When they have done so Pichai crouches at the driver’s window, but is unsatisfied with the angle of his shot. He does not want to hit the marine, who might still be alive, but how to tell if the glass will alter the trajectory of the bullet? He walks quickly and soberly around the car before returning to his original position. “Someone jammed the other doors as well.”
He has mastered himself and I know what is going through his mind. He has vowed to erase the appalling karma which must follow his murder of the yaa baa dealer by becoming a Buddhist saint, an arhat, in this lifetime. An arhat does not hesitate to lay down his life when duty so requires. An arhat masters fear.
He crouches, takes careful aim and fires. Good shot! Three-quarters of the python’s head is blown away. Pichai slips the metal clip from the door and opens it, but the huge marine is top-heavy, with the snake now slack around his head, and falls onto the door,
which is too much for Pichai to hold. Before I can rush to help, the marine and python have fallen onto my dear friend, pinning him to the ground. I assume that his scream is simply from fright as I go to him, at first not seeing (not believing) the small cobra which has attached itself passionately to his left eye. With a great wrench I drag him from under the marine, take out my gun and lay down beside him while he writhes with the cobra in one hand.
Another characteristic of Naja siamensis is that it never lets go. I shoot it through the throat and it is only then that I understand what Pichai is trying to explain through his agony. There are dozens of them, a virtual cascade, shivering strangely and spitting as they pour out of the car. One peeps between buttons on the black man’s shirt, which is alive with undulations.
“Don’t let them reach the people. Shoot them. They must have been drugged to shake like that.”
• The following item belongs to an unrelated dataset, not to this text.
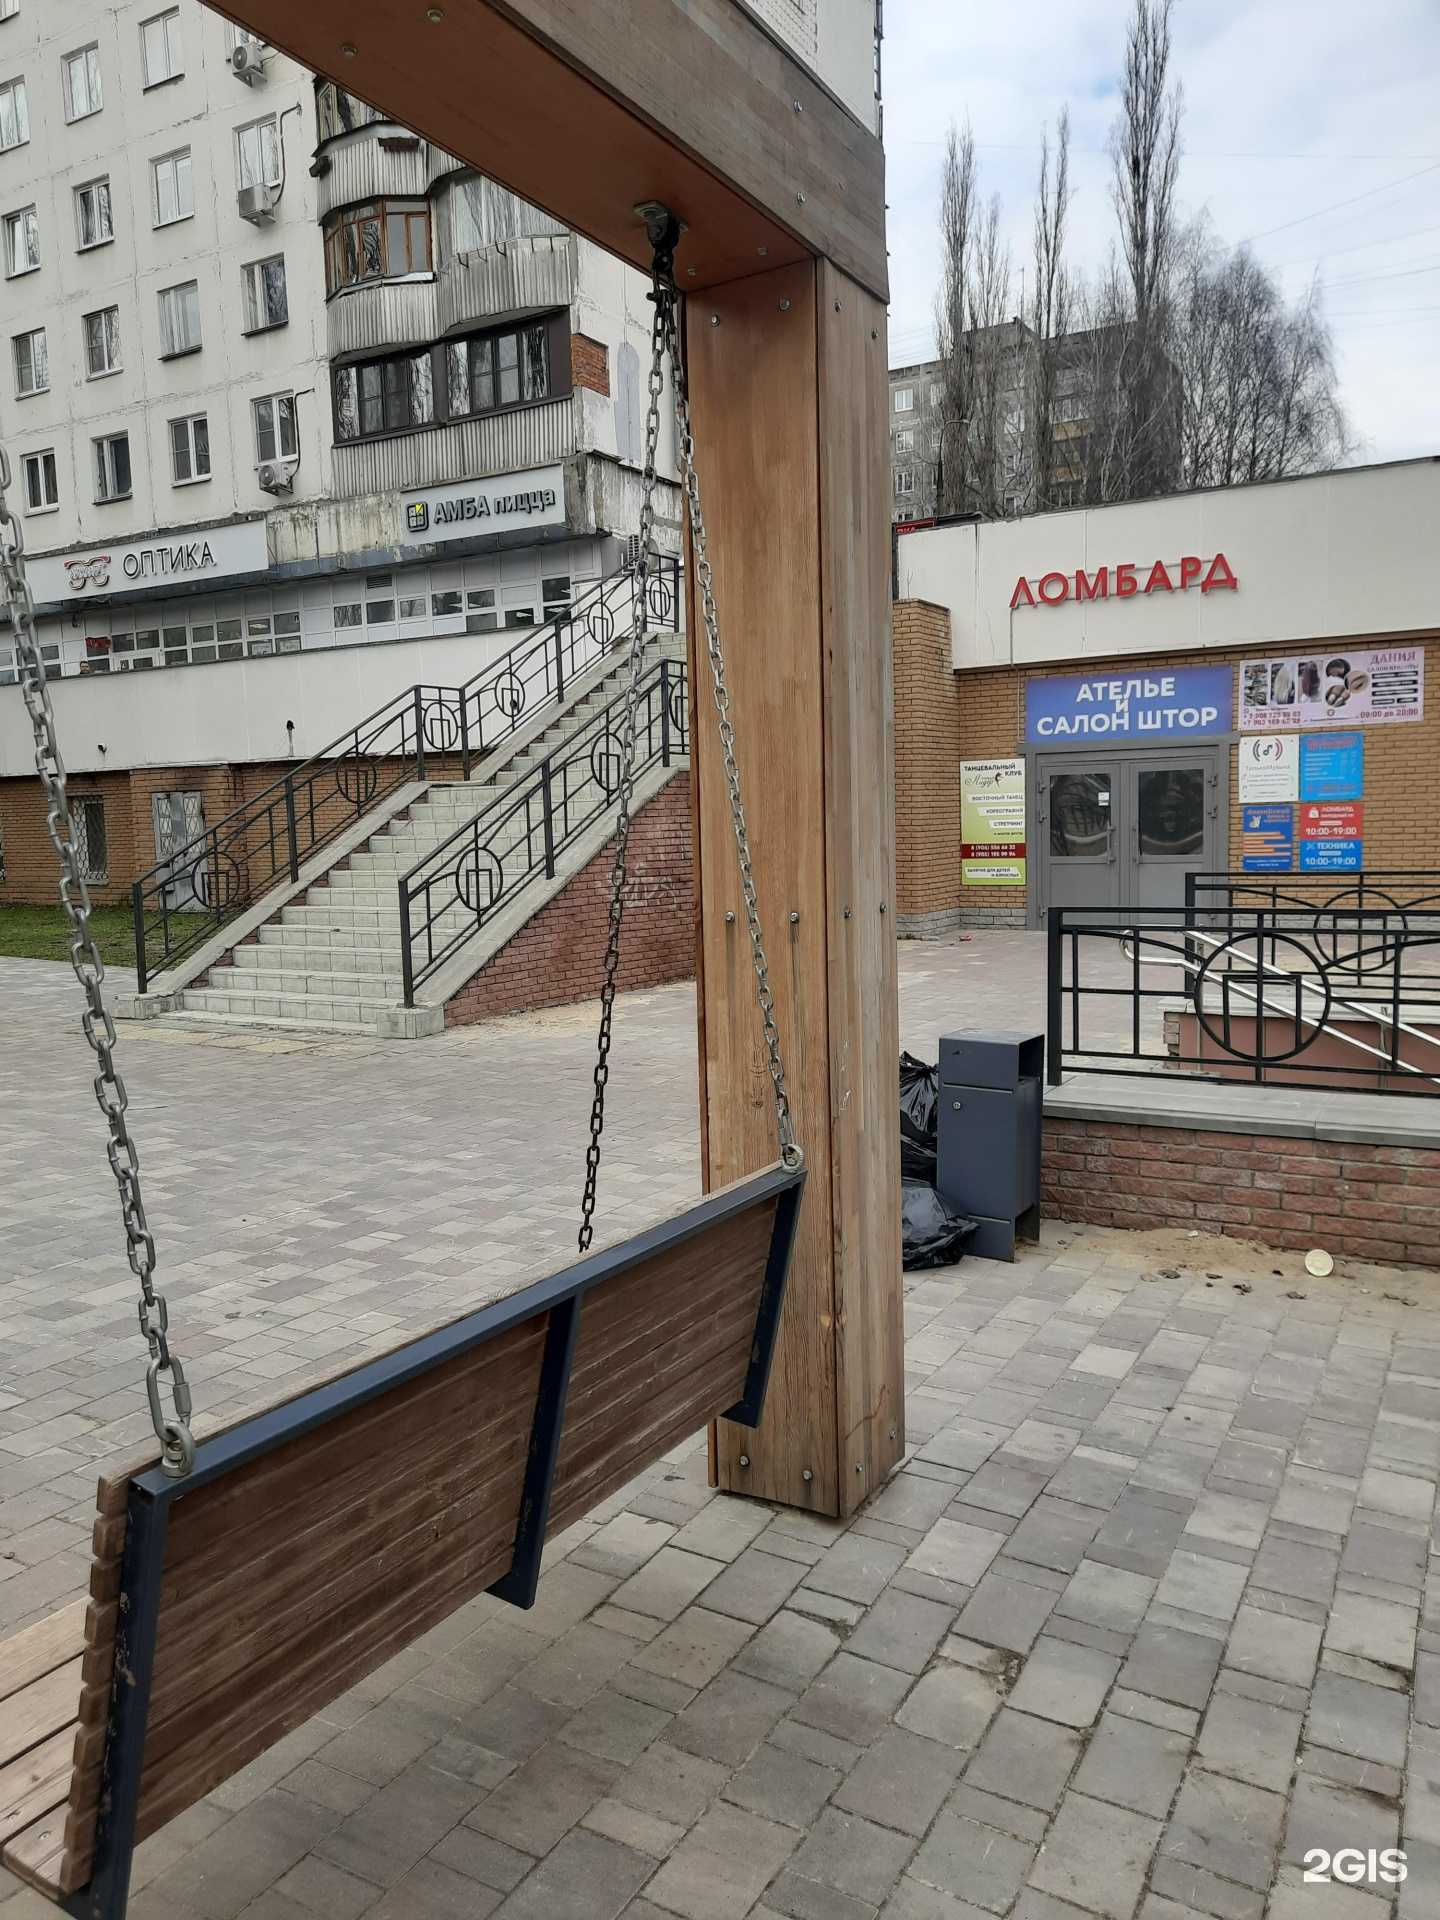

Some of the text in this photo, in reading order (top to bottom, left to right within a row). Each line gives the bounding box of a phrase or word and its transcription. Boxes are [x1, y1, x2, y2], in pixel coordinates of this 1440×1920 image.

He is telling me he is as good as dead, that there is no point radioing for help. Even if they sent a helicopter it would be too late. No one survives a cobra bite in the eye. Already the eye is the size of a golf ball and about to pop, and the snakes are approaching in a narcotic frenzy. Numb at that moment, I start to shoot them, becoming frenzied myself. I rush to the Toyota for more ammunition and change clips perhaps as many as seven times. With anguish contorting my features I lie in wait for the snakes which are trapped in the black man’s clothes. One by one they writhe out of him and I shoot them on the ground. I am still shooting long after all the snakes are dead.
4
After we murdered the yaa baa dealer our mothers secured us an interview with the abbot of a forest monastery in the far north, who told us we were the lowest form of life in the ten thousand universes. Pichai had thrust the broken bottle into the jugular of humanity, and therefore of the Buddha himself, while I giggled. After six months of mosquitoes and meditation, remorse had gouged our hearts. Six months after that the abbot told us we were going to mend our karma by becoming cops. His youngest brother was a police colonel named Vikorn, chief of District 8. Corruption was forbidden to us, however. If we wanted to escape the murderer’s hell we would have to be honest cops. More, we would have to be arhat cops. The abbot is undoubtedly an arhat himself, a fully realized man who voluntarily pauses on the shore of nirvana, postponing his total release in order to teach his wisdom to wretches like us. He knows everything. Pichai is with him now, while I am stranded here in the pollution called life on earth. I must try harder with my meditation.